Google DeepMind Creates Gemini AI-Integrated Smarter Robots
Google DeepMind on Thursday shared new developments in robotics and vision language models (VLMs). The tech giant’s artificial intelligence (AI) research arm has been working with advanced vision models to develop new capabilities in robots. In a new study, DeepMind highlighted that the use of Gemini 1.5 Pro and its long context window has now enabled the arm to make breakthroughs in the navigation and real-world understanding of its robots. Earlier this year, Nvidia also unveiled new AI technology that’s powering advanced capabilities in humanoid robots.
Google DeepMind Uses Gemini AI to Improve Robots
In a after On X (formerly known as Twitter), Google DeepMind revealed that it is training its robots using Gemini 1.5 Pro’s 2 million token context window. Context windows can be thought of as the knowledge window visible to an AI model, which allows it to process tangential information surrounding the queried topic.
For example, if a user asks an AI model for “most popular ice cream flavors,” the AI model will check the keyword ice cream and flavors to find information for that query. If this information window is too small, the AI may only respond with the names of different ice cream flavors. However, if it is larger, the AI can also see the number of articles about each ice cream flavor to find which one has been mentioned the most and derive the “popularity factor.”

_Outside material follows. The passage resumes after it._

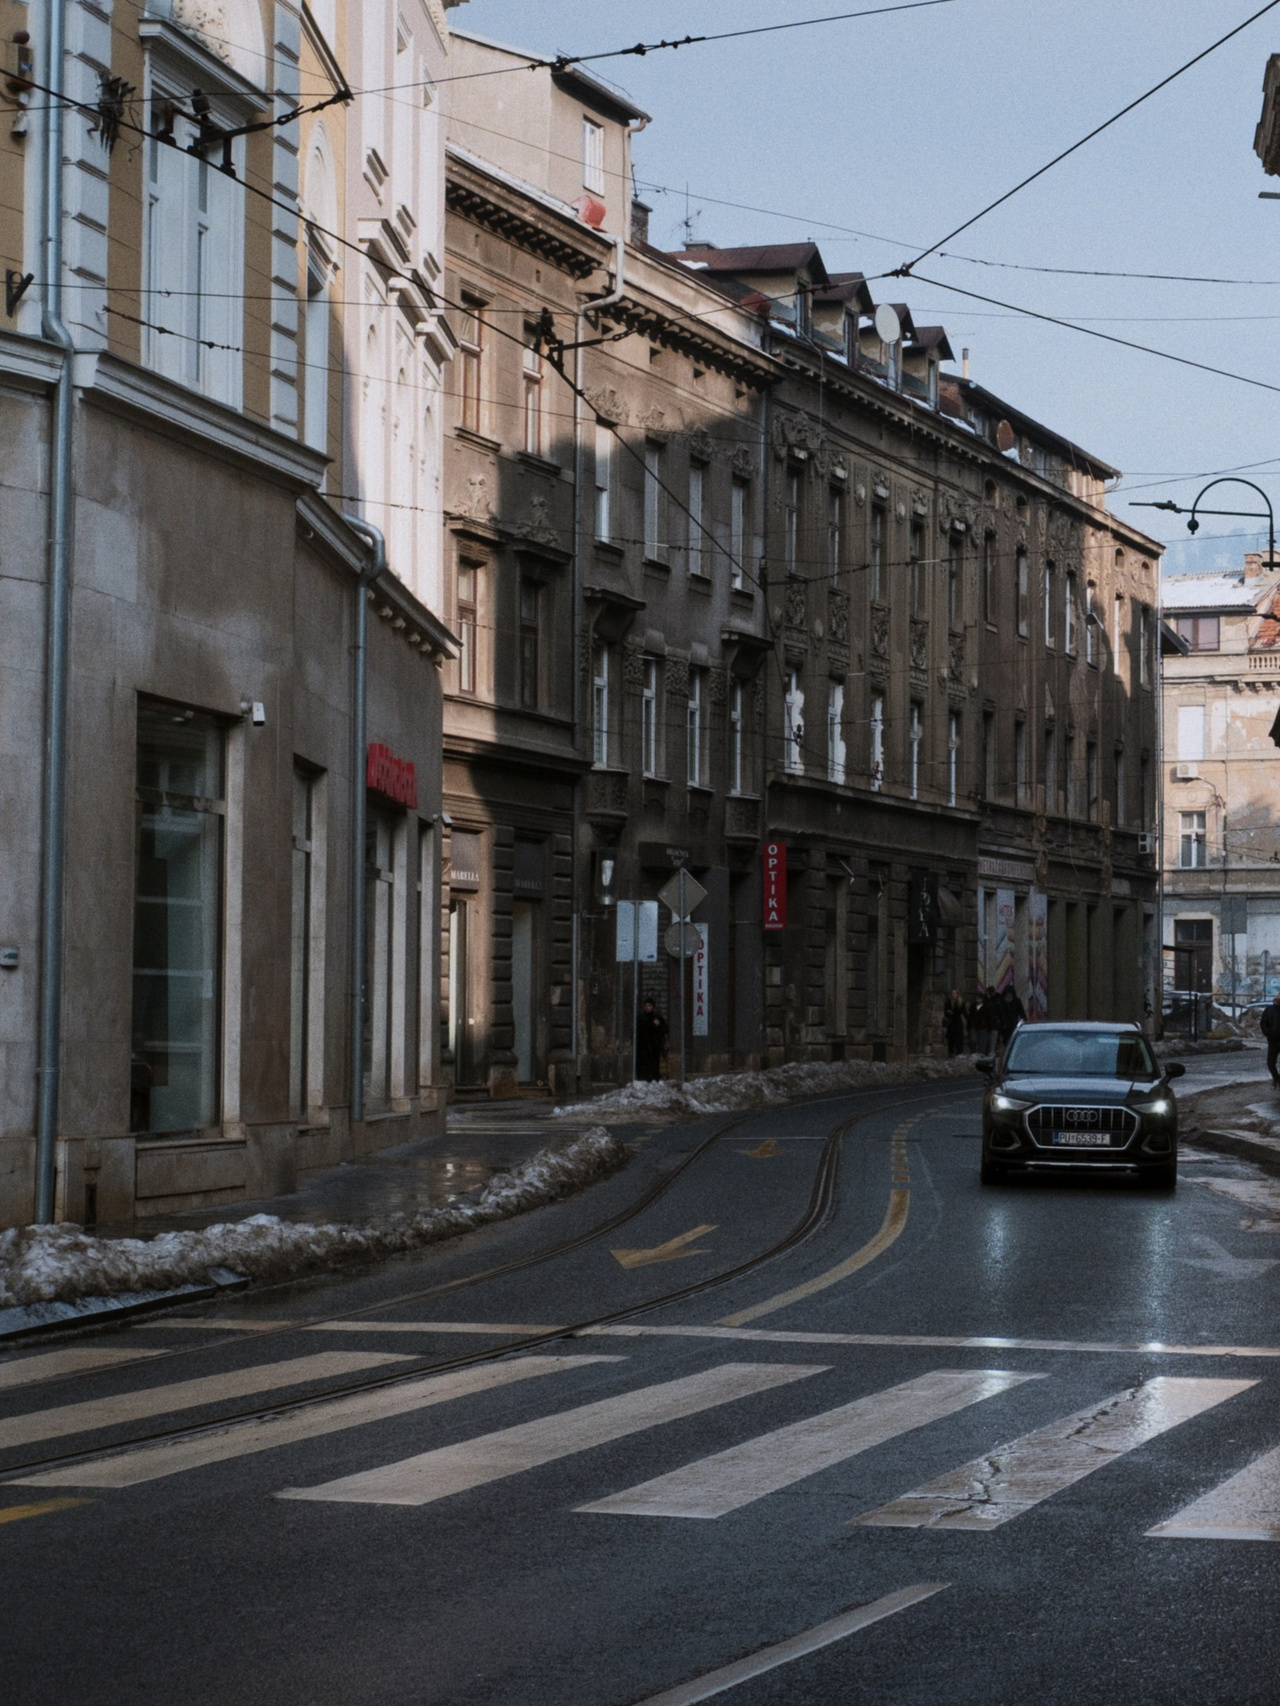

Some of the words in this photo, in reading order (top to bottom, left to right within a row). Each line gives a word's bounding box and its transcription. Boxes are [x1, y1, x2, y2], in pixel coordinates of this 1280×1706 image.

DeepMind uses this long context window to train its robots in real-world environments. The division wants to see if the robot can remember the details of an environment and help users when asked about the environment using contextual or vague terms. In a video shared on Instagram, the AI division demonstrated that a robot could direct a user to a whiteboard when asked for a place to draw.
“Our robots, leveraging 1.5 Pro’s 1 million token context length, can successfully navigate a space using human-like instructions, video tours, and common sense,” Google DeepMind said in a statement.
In a study published on arXiv (a non-peer-reviewed online journal), DeepMind explained the technology behind the breakthrough. In addition to Gemini, it is also using its own Robotic Transformer 2 (RT-2) model. It is a vision-language-action (VLA) model that learns from both web and robotics data. It uses computer vision to process real-world environments and use that information to create datasets. This dataset can later be processed by the generative AI to break down contextual commands and produce desired outcomes.
Currently, Google DeepMind is using this architecture to train its robots in a broad category known as Multimodal Instruction Navigation (MIN), which includes environmental exploration and instruction-driven navigation. If the demonstration shared by the division is legitimate, this technology could further advance robotics.